[EXTRACTED DATA — start]

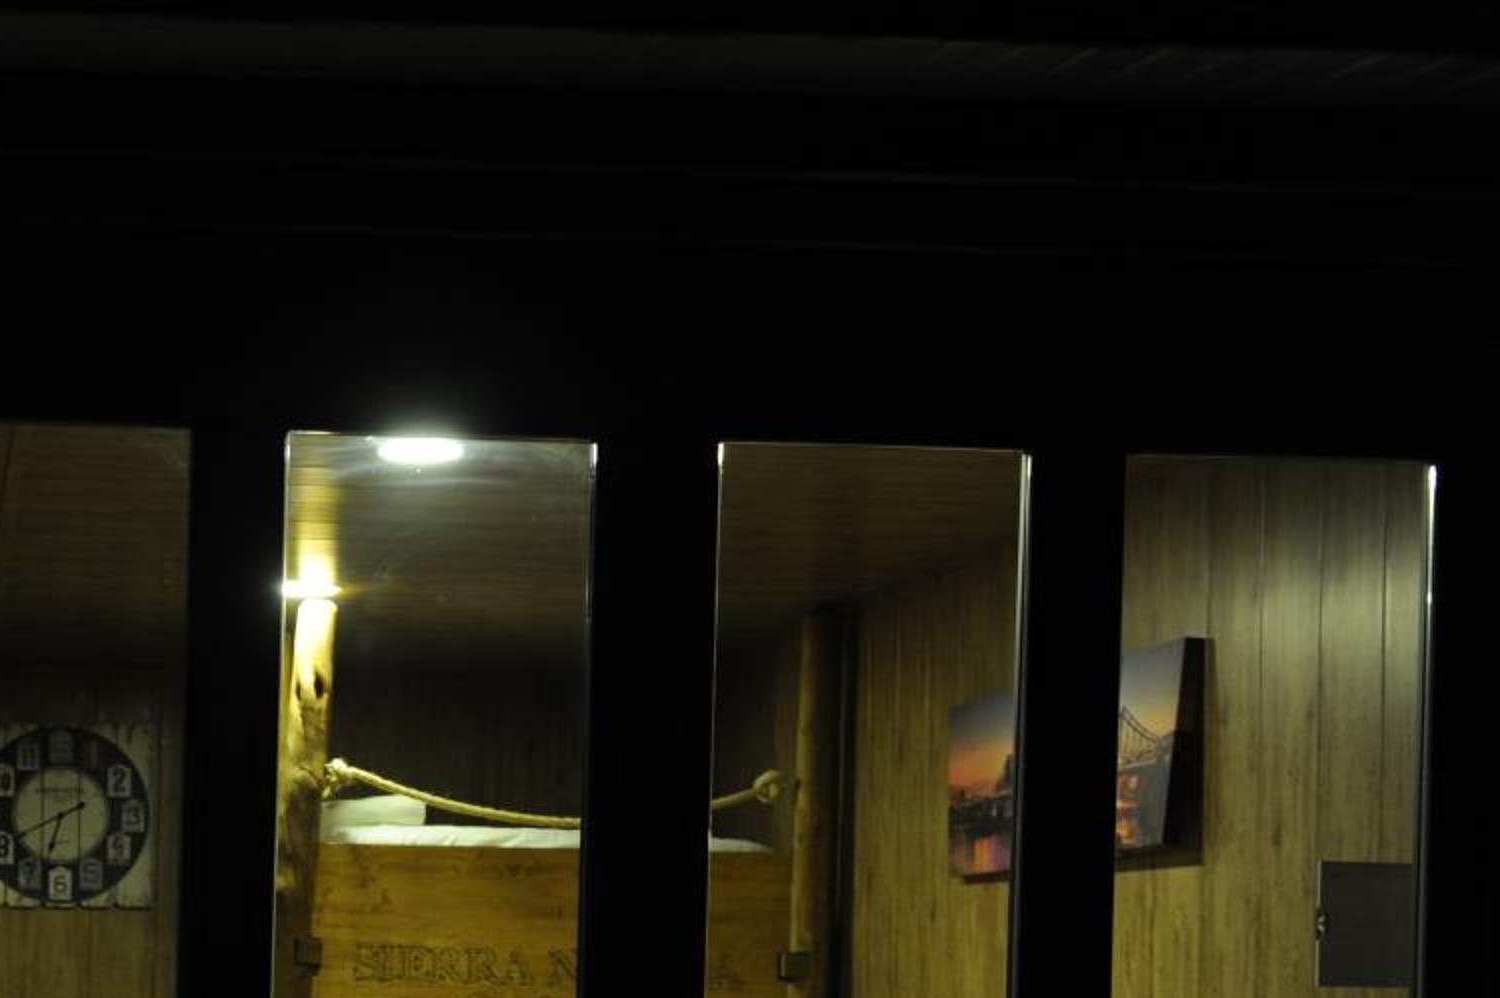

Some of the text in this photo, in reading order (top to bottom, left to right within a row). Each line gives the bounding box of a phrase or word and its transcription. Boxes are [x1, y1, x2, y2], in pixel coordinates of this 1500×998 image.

[112, 768, 126, 793] 2
[53, 873, 67, 894] 6
[353, 943, 533, 987] SIERRA
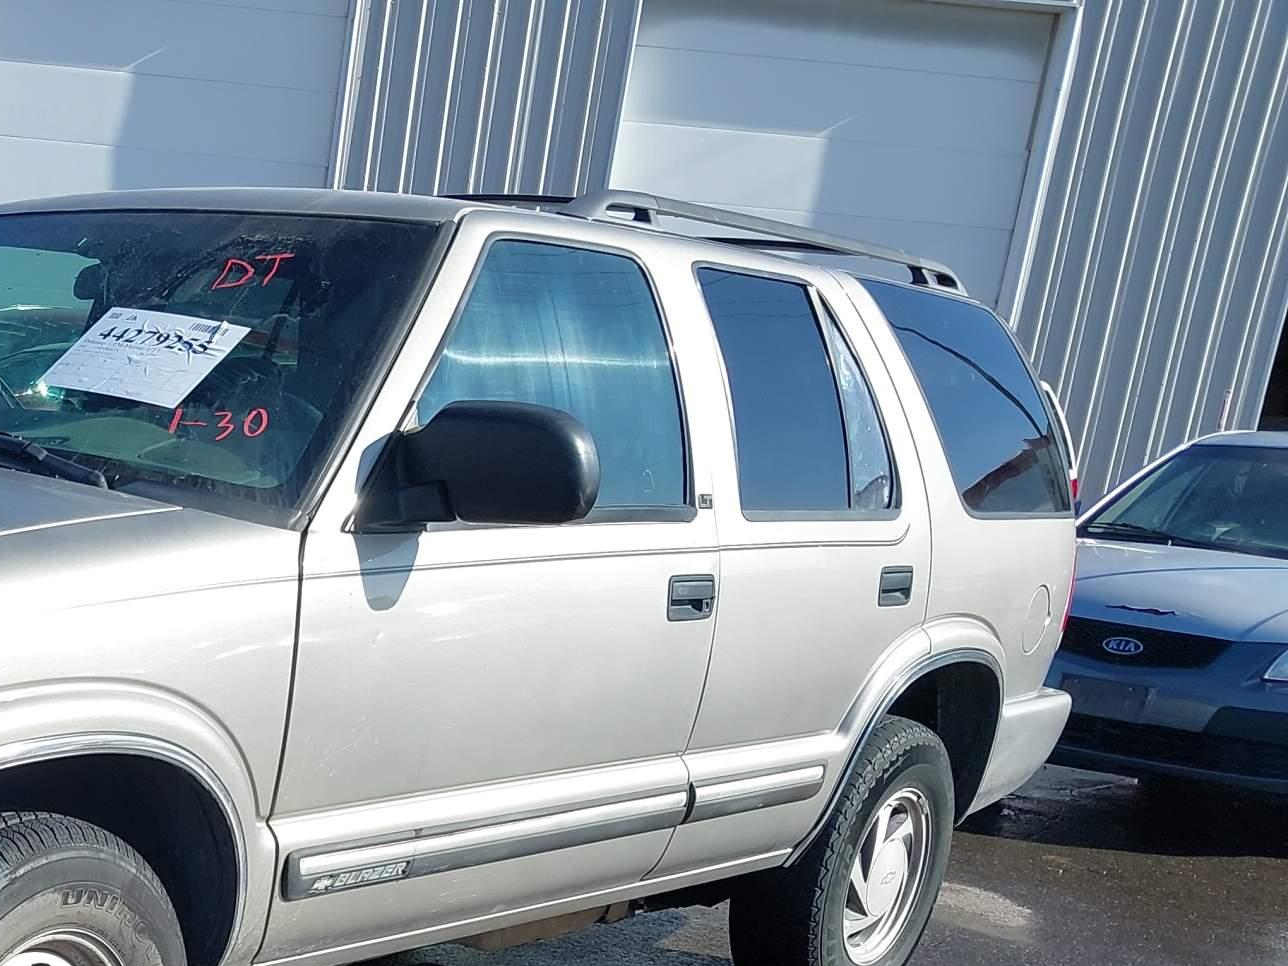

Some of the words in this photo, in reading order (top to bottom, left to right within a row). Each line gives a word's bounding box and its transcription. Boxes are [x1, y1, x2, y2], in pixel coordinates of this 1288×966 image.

[211, 252, 296, 291] DT
[98, 325, 214, 355] 44279255
[167, 407, 271, 442] 1-30
[1108, 640, 1135, 652] KIA
[332, 861, 409, 888] BLAZER
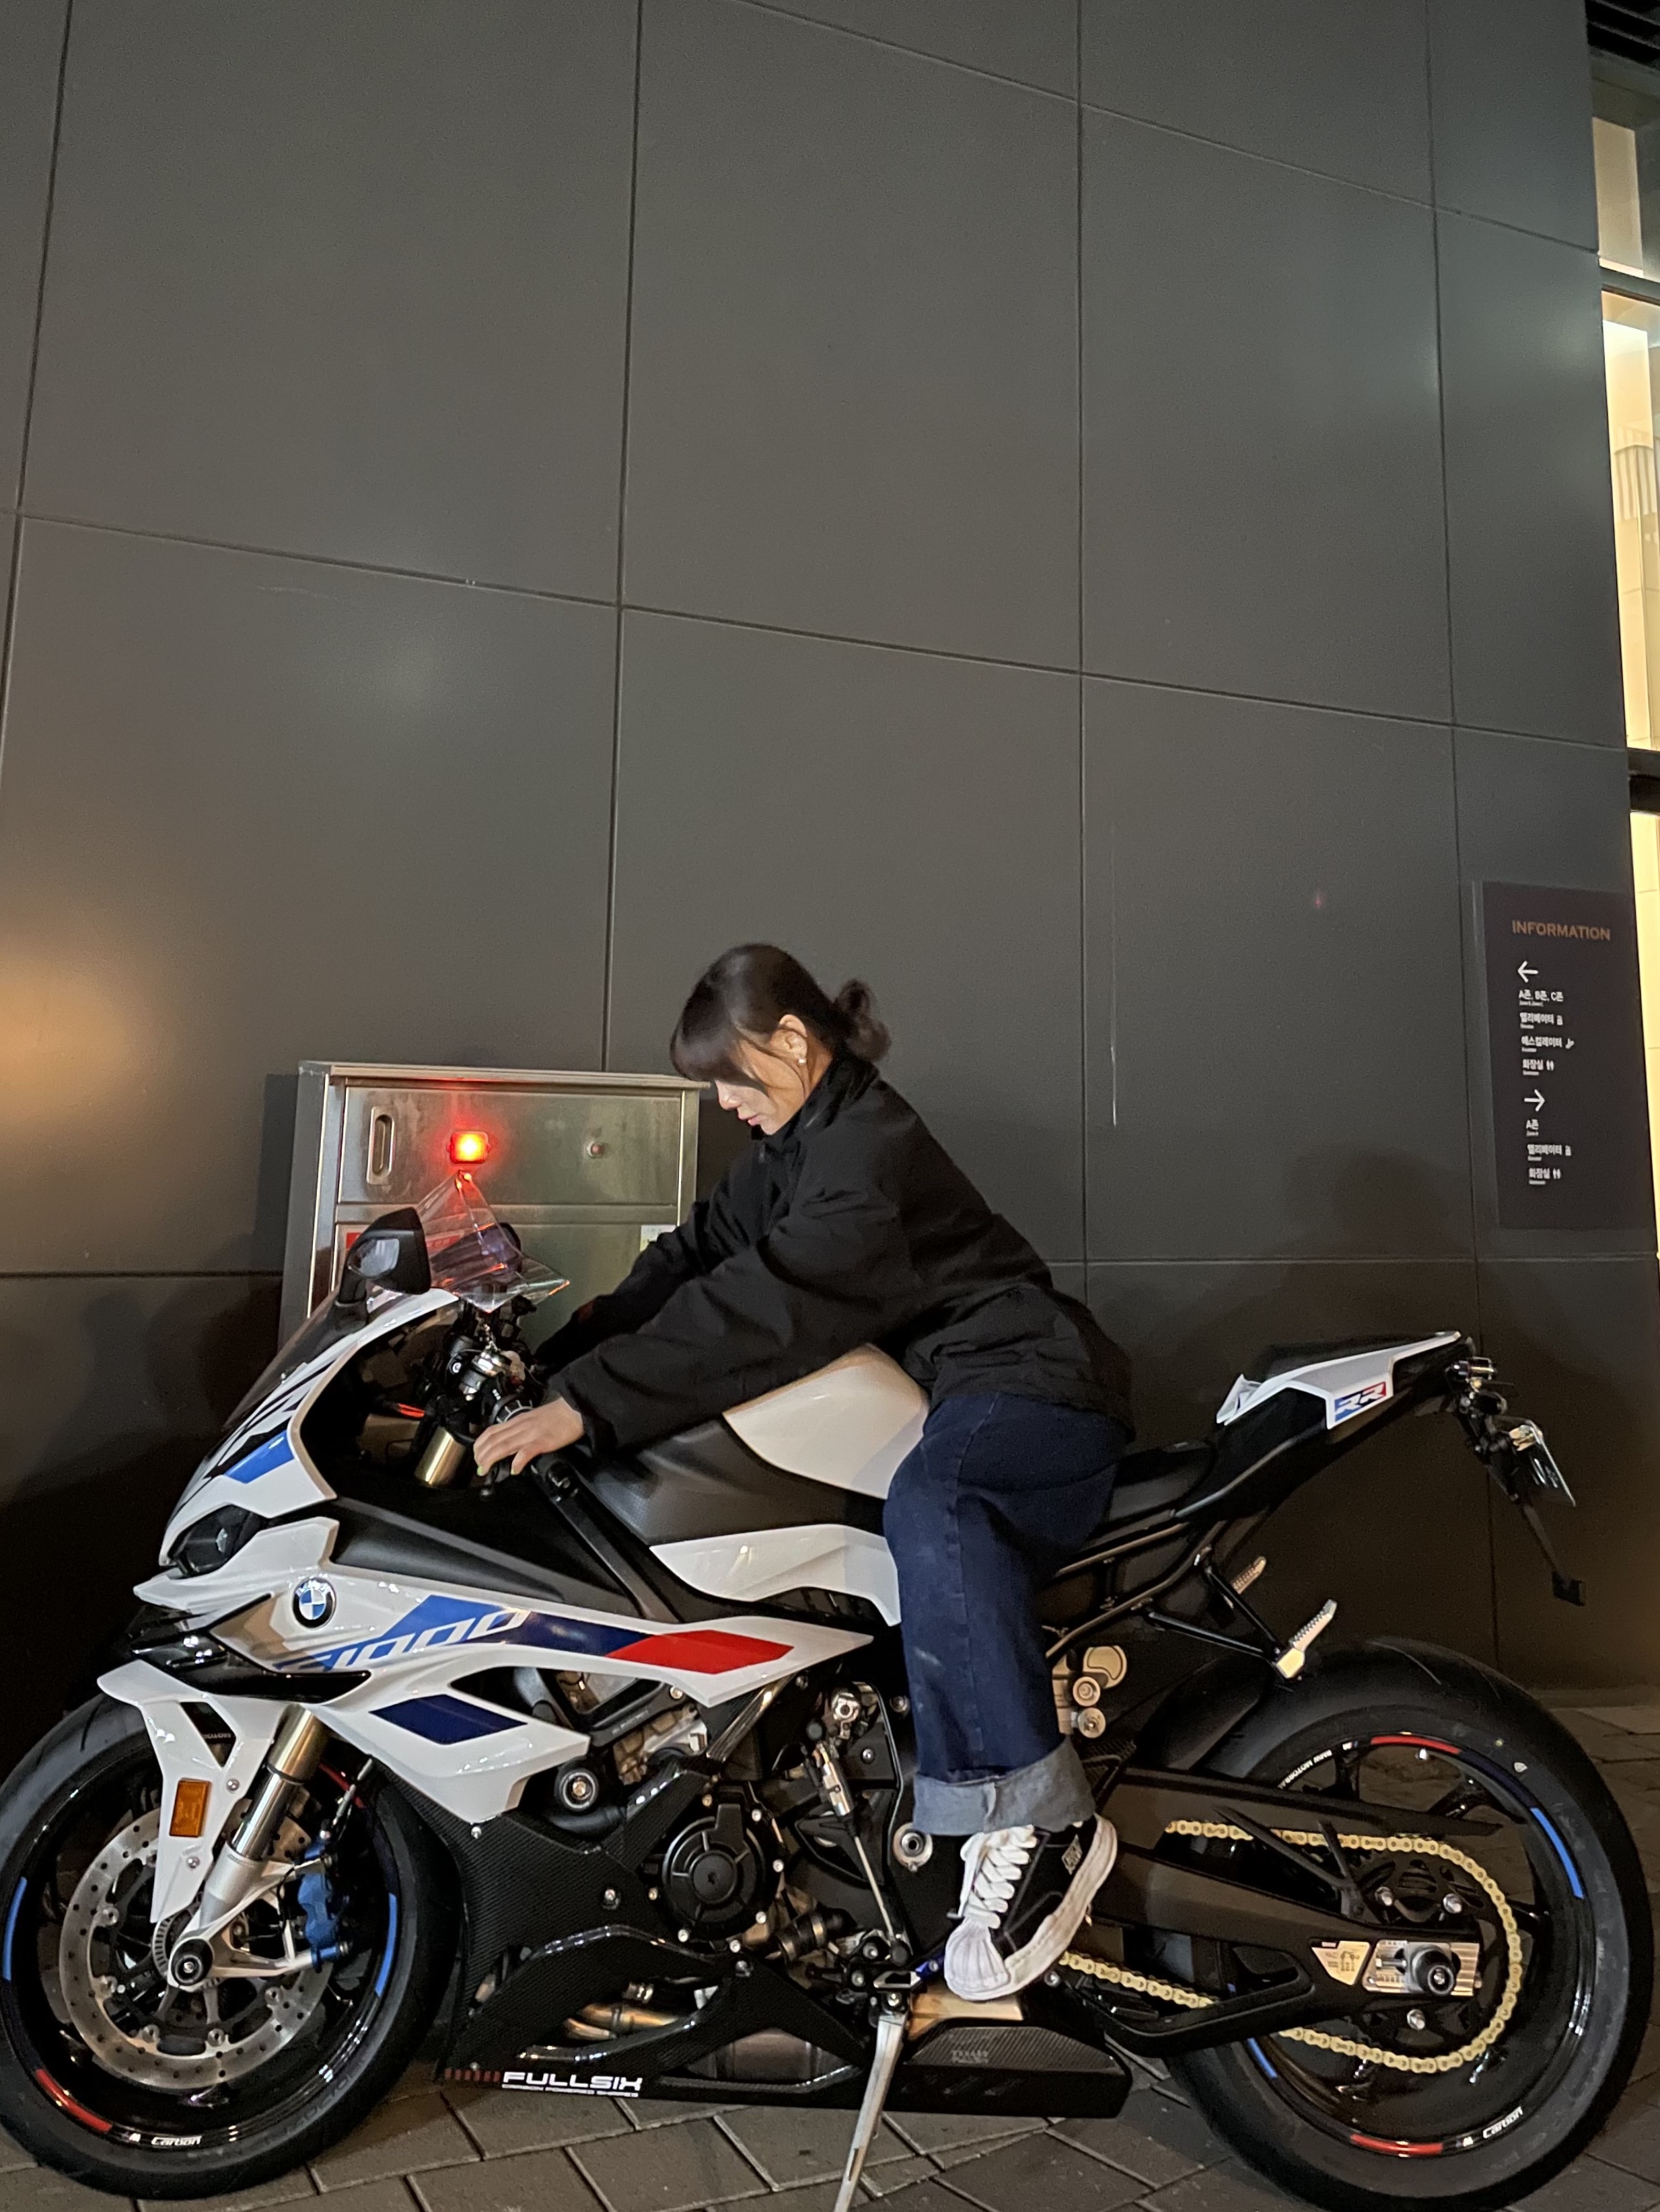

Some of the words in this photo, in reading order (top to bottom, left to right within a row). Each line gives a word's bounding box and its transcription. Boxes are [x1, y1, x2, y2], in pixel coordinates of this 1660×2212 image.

[1512, 920, 1611, 941] INFORMATION
[1520, 1012, 1554, 1025] 엘리베이터
[1521, 1035, 1562, 1047] 에스컬레이터
[1523, 1059, 1544, 1070] 화장실
[1527, 1144, 1562, 1156] 엘리베이터
[1529, 1167, 1550, 1179] 화장실
[503, 2071, 643, 2091] FULLSIX
[1482, 2106, 1523, 2139] Carbon
[151, 2135, 203, 2146] Carbon

[EXTRACTED DATA — finish]

> DIRECTIONS: Find where "this 1660×2212 image." occurs in the data, and please write out that line through the last line exactly, with nothing else.

> RESULT OF THIS TASK:
Some of the words in this photo, in reading order (top to bottom, left to right within a row). Each line gives a word's bounding box and its transcription. Boxes are [x1, y1, x2, y2], in pixel coordinates of this 1660×2212 image.

[1512, 920, 1611, 941] INFORMATION
[1520, 1012, 1554, 1025] 엘리베이터
[1521, 1035, 1562, 1047] 에스컬레이터
[1523, 1059, 1544, 1070] 화장실
[1527, 1144, 1562, 1156] 엘리베이터
[1529, 1167, 1550, 1179] 화장실
[503, 2071, 643, 2091] FULLSIX
[1482, 2106, 1523, 2139] Carbon
[151, 2135, 203, 2146] Carbon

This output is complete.